Hayatım boyunca hep bir şeylerden kaçtım. Acılardan, mutluluklardan, ağlamaktan ve kötü olan her şeyden. Ama biliyordum, bir gün gelecek ve ben yorulup kaçmayı bırakacaktım.
Ben Dilhun. Denizlerin sonsuzluk, gök yüzünün bitiş noktası olduğuna inanan bir kızım. Annem ve babam neredeler bilmiyorum, aslında bakarsanız bilmek de istemiyorum. Çünkü onlar benden kaçmışlardı, onlar sayesinde ben de kaçmayı öğrenmiştim ve hayatımı yaşamıştım. İlk kaçışımı 8 yaşımda yaptım, amcamın evinden kaçarak. Sokaklarda bir yerlere sığınmıştım ve birkaç günü öyle geçirmiştim. Sonra ilk yakalanışımı yaşadım, polisler tarafından. Polislerin beni nasıl bulduğunu bilmiyordum, ama bulmuşlardı işte. Beni alıp yetimhaneye bırakmışlardı. Orda güvenlik olduğu için kaçamamıştım, ama 11 yaşıma geldiğimde güvenliği de atlatabilmiştim. Her yaşım bana ayrı bir şey katmıştı. Her yaşıma minnettardım. 12yaşımdan sonra yine sokaklarda duruyordum. Gidecek bir yerim yoktu çünkü. Bundan sonra her sokak benim evimdi diye düşünüyordum, ama 12 yaşımda her şey değişti.

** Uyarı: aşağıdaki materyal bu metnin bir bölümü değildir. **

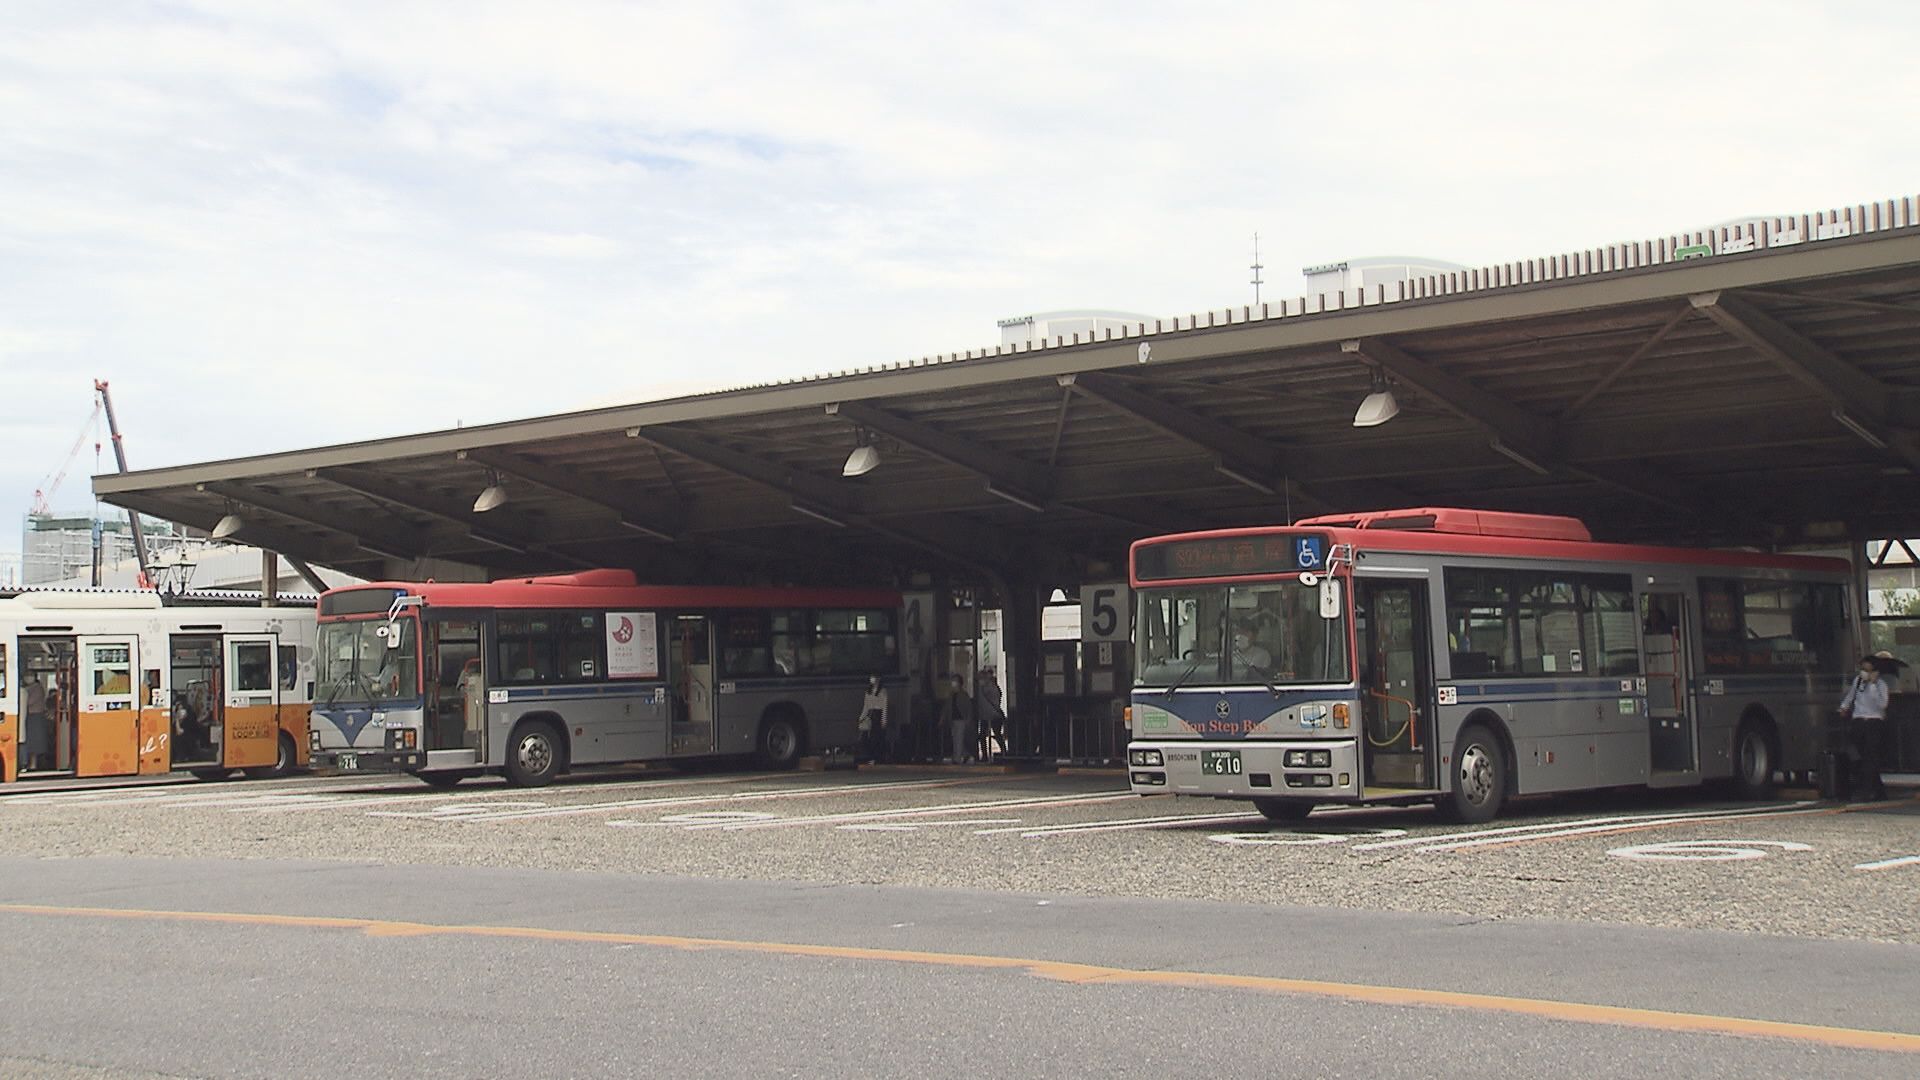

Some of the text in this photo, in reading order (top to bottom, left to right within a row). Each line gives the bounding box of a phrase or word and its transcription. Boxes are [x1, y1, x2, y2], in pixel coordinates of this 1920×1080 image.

[1092, 588, 1117, 637] 5
[1178, 720, 1205, 733] Non
[1208, 719, 1239, 736] Step
[1243, 719, 1270, 733] Bus

Her gün dolaştığım sokağın başında bir adam beni bekliyordu, ben de ona doğru gidiyordum. Hiç bilmeden ona doğru gidiyordum. Yavaş ve sarsak adamlarla. Aylardan Kasım'dı, havada esen rüzgar her zamanki gibi bedenimi üşütüyordu. Hayatımın dönüm noktasının karşısında durmuştum. Ve sonra o kelimeleri duydum.

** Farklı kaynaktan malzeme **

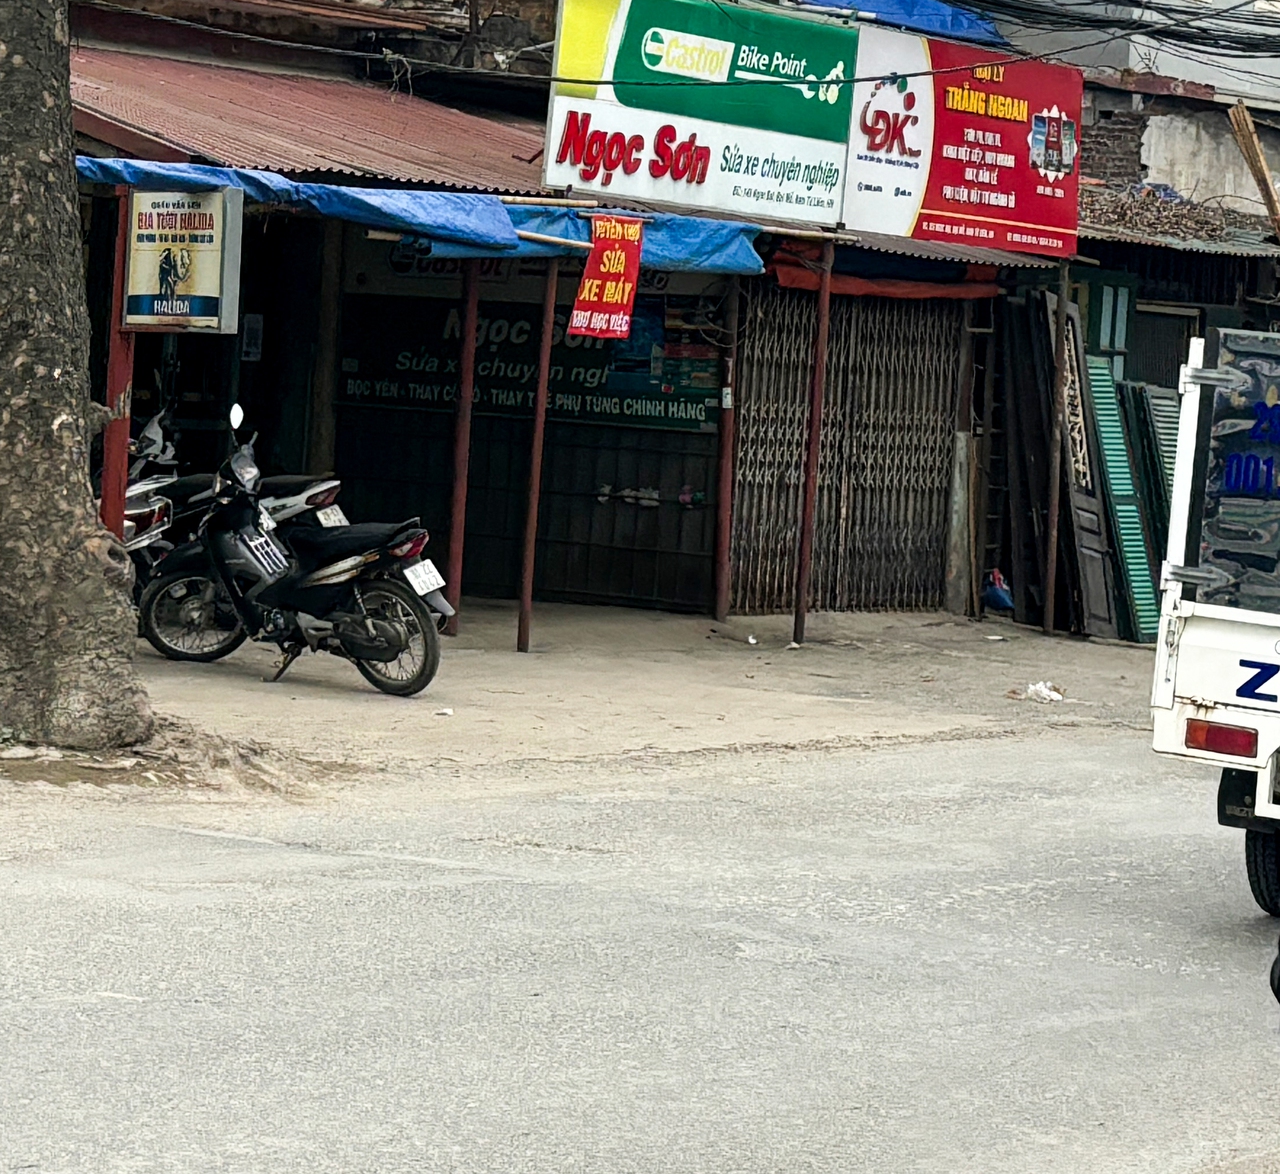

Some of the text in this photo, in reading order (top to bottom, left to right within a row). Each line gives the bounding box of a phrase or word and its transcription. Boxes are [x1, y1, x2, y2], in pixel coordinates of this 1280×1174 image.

"Bundan sonra ben ne dersem o, küçük hanım."
Dediği gibi olmuştu, o ne isterse yapmıştım. Daha doğrusu yapmıştık. Şimdi 22 yaşında genç bir kadınım, benimle birlikte kalan benim gibi beş kişi daha var. Biz kim miydik? Biz Yiğit Başaran'ın elzemleri, vazgeçilmez, dokunulmaz insanlarıyız.
Her ay olduğu gibi bu ay da mumlarımı odamın belirli yerlere koydum ve hepsini teker teker yaktım. Kitaplığıma önüne geldim, gözlerimi kapattım ve işaret parmağımı kitaplarımın üstünde gezdirdim. İçimden üçten geriye saydım. 3, 2, 1 dur. Parmağımı üstünde tuttuğum kitaba baktım, onu aldım, içimden bir sayı tuttum. 25. Tuttuğum sayıyı açtım ve gözlerimi altını çizdiğim satırlarda dolaştırdım.

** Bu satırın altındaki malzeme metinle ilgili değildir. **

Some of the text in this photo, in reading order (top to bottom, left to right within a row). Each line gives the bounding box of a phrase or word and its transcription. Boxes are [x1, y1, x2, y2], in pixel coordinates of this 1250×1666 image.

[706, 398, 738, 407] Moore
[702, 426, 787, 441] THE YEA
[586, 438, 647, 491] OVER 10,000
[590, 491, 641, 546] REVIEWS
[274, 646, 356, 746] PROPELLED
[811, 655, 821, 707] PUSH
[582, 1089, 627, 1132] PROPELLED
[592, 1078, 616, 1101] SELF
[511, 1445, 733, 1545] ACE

"Kalbim, kurmalı eski bir oyuncak gibi durmayı bekliyordu sanki. Eminim durduğu an bir daha kurulamayacaktı."
Bu satırı çizdiğim gün geldi aklıma. Aynı böyle bir gün başlamıştım bu kitaba. Her ay yaptığım gibi alışveriş yaptığım günlerden birinde..
"Dilhun."
Duyduğum sesle başımı kapıma çevirdim ve onu gördüm. "Ne oldu?"
"Yiğit abi geldi, yeni iş varmış."
Kitabımı kapattım ve sarı saçların sahibine döndüm. "Tamam geliyorum."
Kapım kapanırken ben de ayağa kalktım, odamın girişinden başlayarak sonuna kadar mumları söndürmeye başladım. Balkonumun kapısına geldiğimde gözüm karşı binadaki çocuğa takıldı. Sigara içiyordu, taş çatlasın lise 1'e gidiyordu. Umursamadım, bedenimi oradan uzaklaştırdım ve odamdan çıkmak için kapıya yöneldim. Kapıyı açıp daşır çıktığımda etrafta alışılmamış bir sessizlik vardı. Yiğit abi geldiğinde etrafta kasvetli bir hava olurdu, ama bu gün öyle değildi.
Uyuşuk adımlarla oturma odasına gittim ve "Çağırılmışım," dedim. Herkesin gözü beni bulduğunda benim gözüm sadece Yiğit abideydi. Hemen salonun köşesindeki yerime geçtim ve söze başladım. "Hadi ama yine mi iş?"
"Evet yine iş Dilhun hanım."
Doğay birden lafa atlayıp "Bu bizim görevimiz," dediğinde alayla gülümsedim. "Sizin göreviniz olabilir ama benim değil."